• **TASK TO COMPLETE**:
Setting aside any pictures, reproduce the data exactly.

--- DATA FOR THIS TASK ---

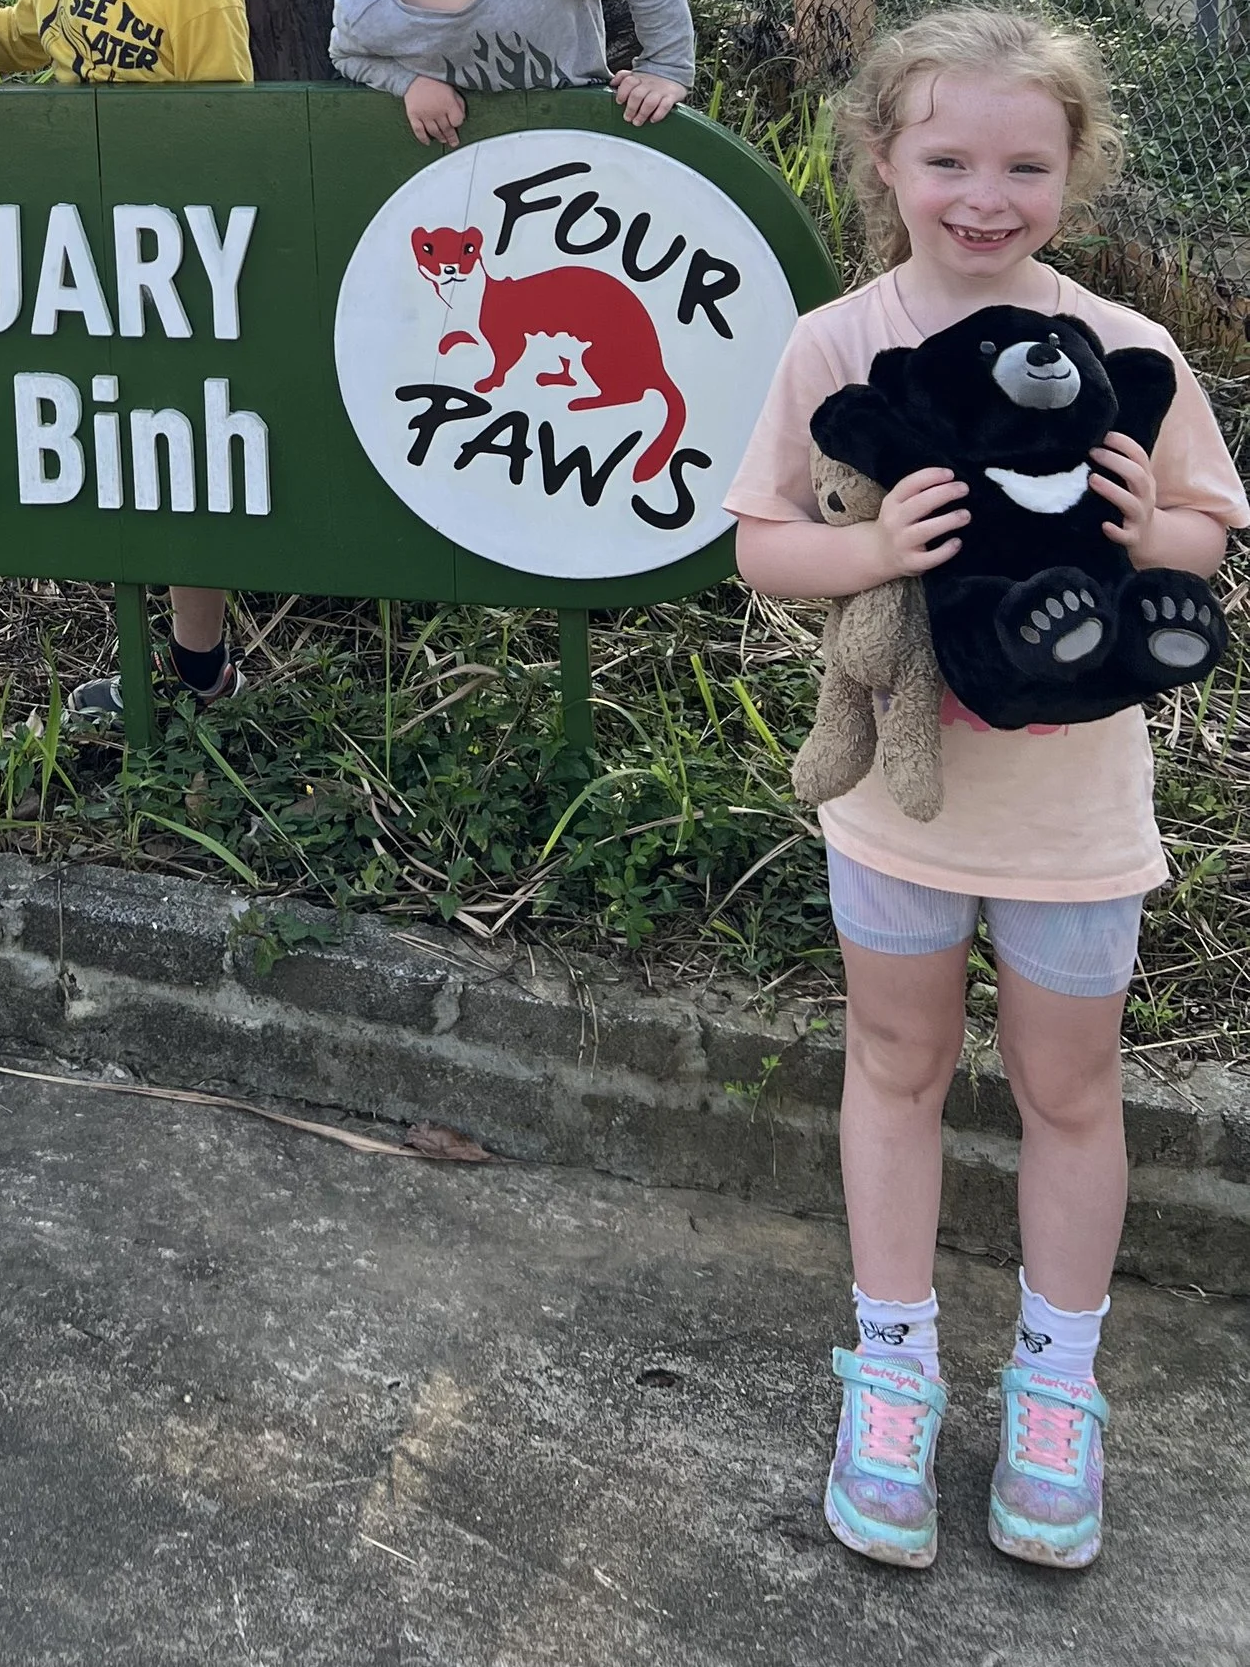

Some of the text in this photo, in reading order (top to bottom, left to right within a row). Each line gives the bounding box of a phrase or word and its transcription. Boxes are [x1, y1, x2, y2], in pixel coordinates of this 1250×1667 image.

[81, 24, 158, 73] LATER
[116, 1, 165, 48] YOU
[493, 161, 742, 340] FOUR
[13, 370, 271, 517] Binh
[394, 383, 713, 531] PAWS
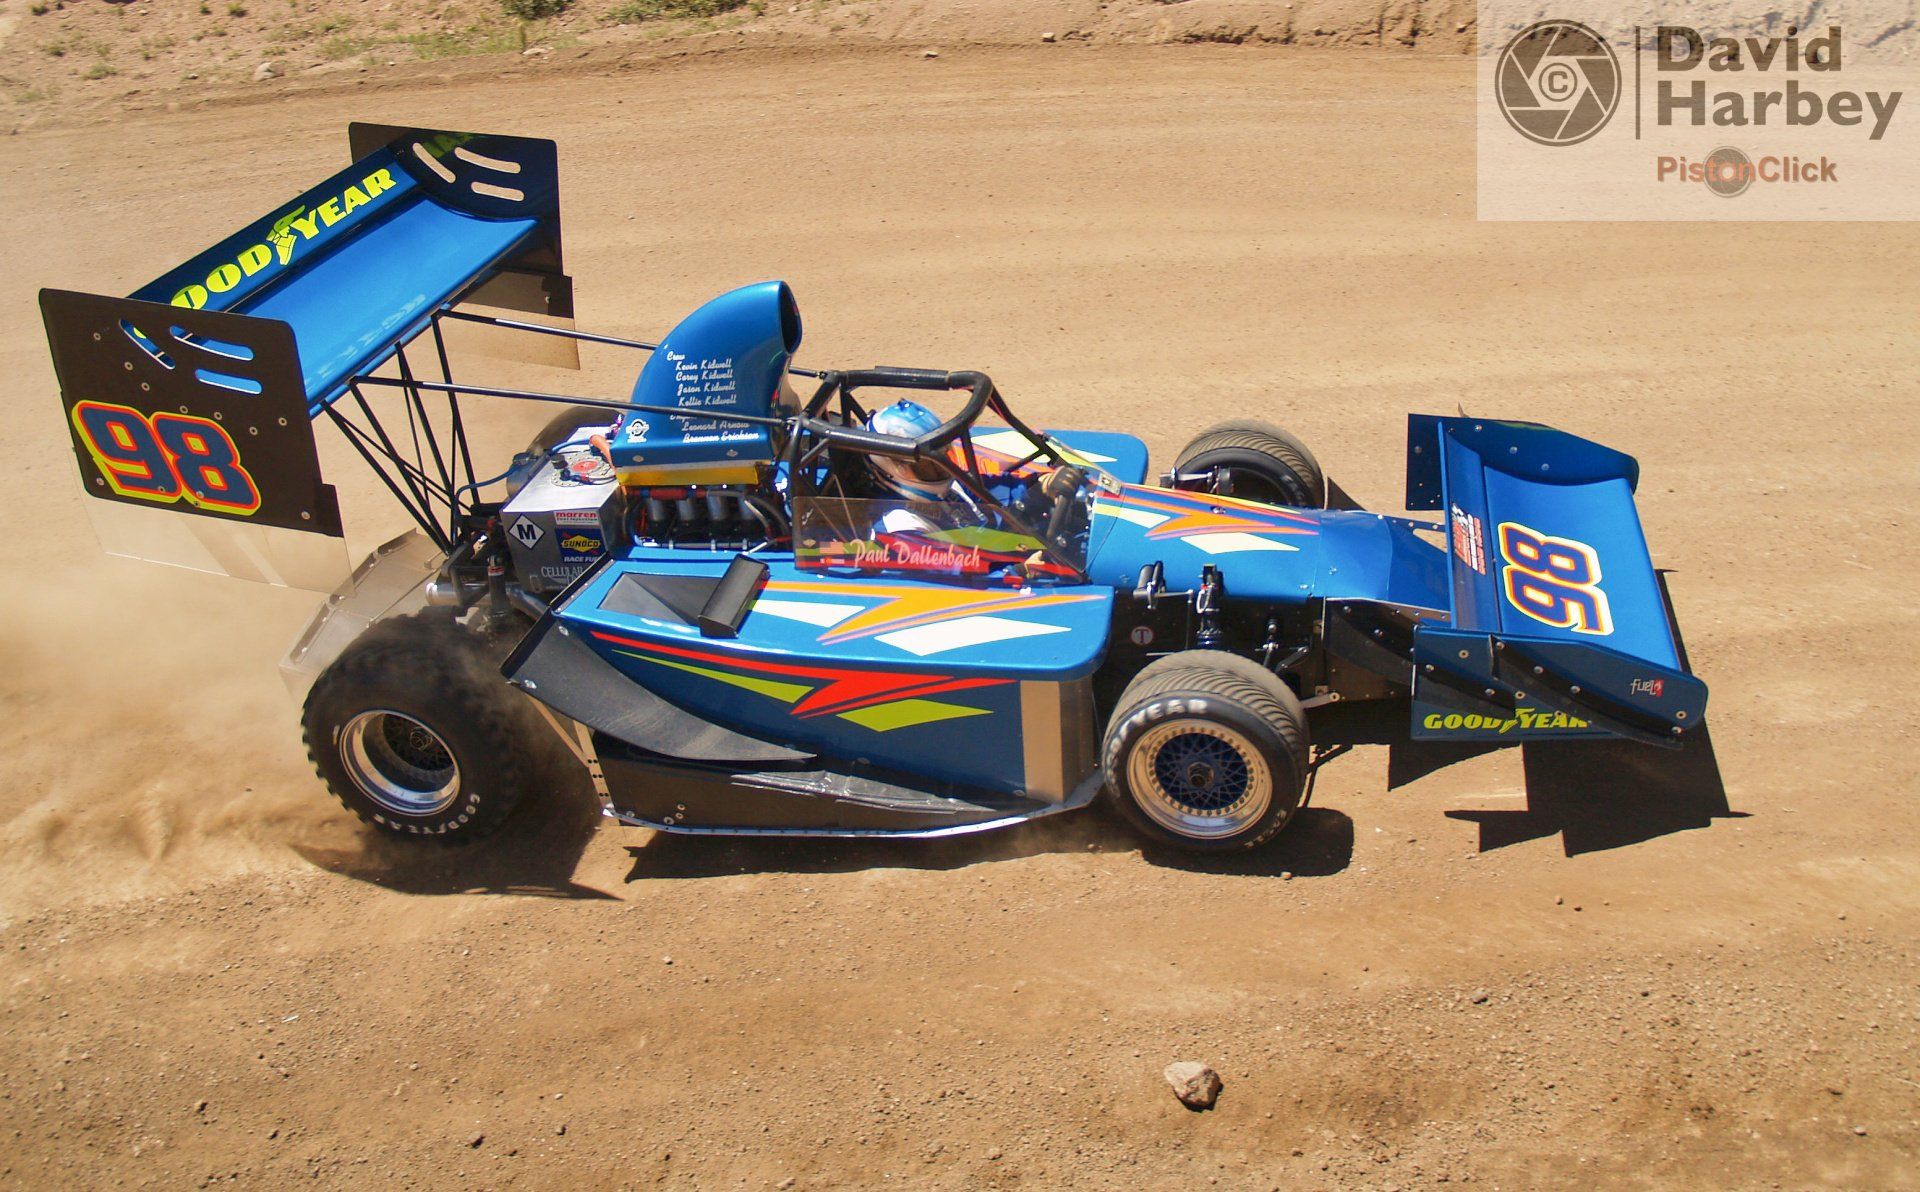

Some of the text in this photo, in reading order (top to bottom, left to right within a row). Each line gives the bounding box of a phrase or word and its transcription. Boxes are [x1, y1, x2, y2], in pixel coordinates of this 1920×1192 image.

[171, 168, 396, 310] OODYEAR
[675, 358, 732, 371] Kevin Kidwell
[675, 369, 733, 382] Corey Kidwell
[677, 380, 736, 396] Jason Kidwell
[705, 395, 737, 406] Kidwell
[681, 420, 717, 432] Leonard
[71, 400, 261, 516] 98
[555, 511, 597, 519] marren
[516, 524, 537, 540] M
[562, 540, 599, 548] SUNOCO
[850, 538, 980, 568] Paul Dallenbach
[1497, 521, 1614, 635] 98

---

• **RESULT OF THE EXERCISE**:
Some of the text in this photo, in reading order (top to bottom, left to right within a row). Each line gives the bounding box of a phrase or word and its transcription. Boxes are [x1, y1, x2, y2], in pixel coordinates of this 1250×1667 image.

[81, 24, 158, 73] LATER
[116, 1, 165, 48] YOU
[493, 161, 742, 340] FOUR
[13, 370, 271, 517] Binh
[394, 383, 713, 531] PAWS

Some of the text in this photo, in reading order (top to bottom, left to right within a row). Each line gives the bounding box of a phrase or word and its transcription. Boxes are [x1, y1, x2, y2], in pixel coordinates of this 1920×1192 image.

[171, 168, 396, 310] OODYEAR
[675, 358, 732, 371] Kevin Kidwell
[675, 369, 733, 382] Corey Kidwell
[677, 380, 736, 396] Jason Kidwell
[705, 395, 737, 406] Kidwell
[681, 420, 717, 432] Leonard
[71, 400, 261, 516] 98
[555, 511, 597, 519] marren
[516, 524, 537, 540] M
[562, 540, 599, 548] SUNOCO
[850, 538, 980, 568] Paul Dallenbach
[1497, 521, 1614, 635] 98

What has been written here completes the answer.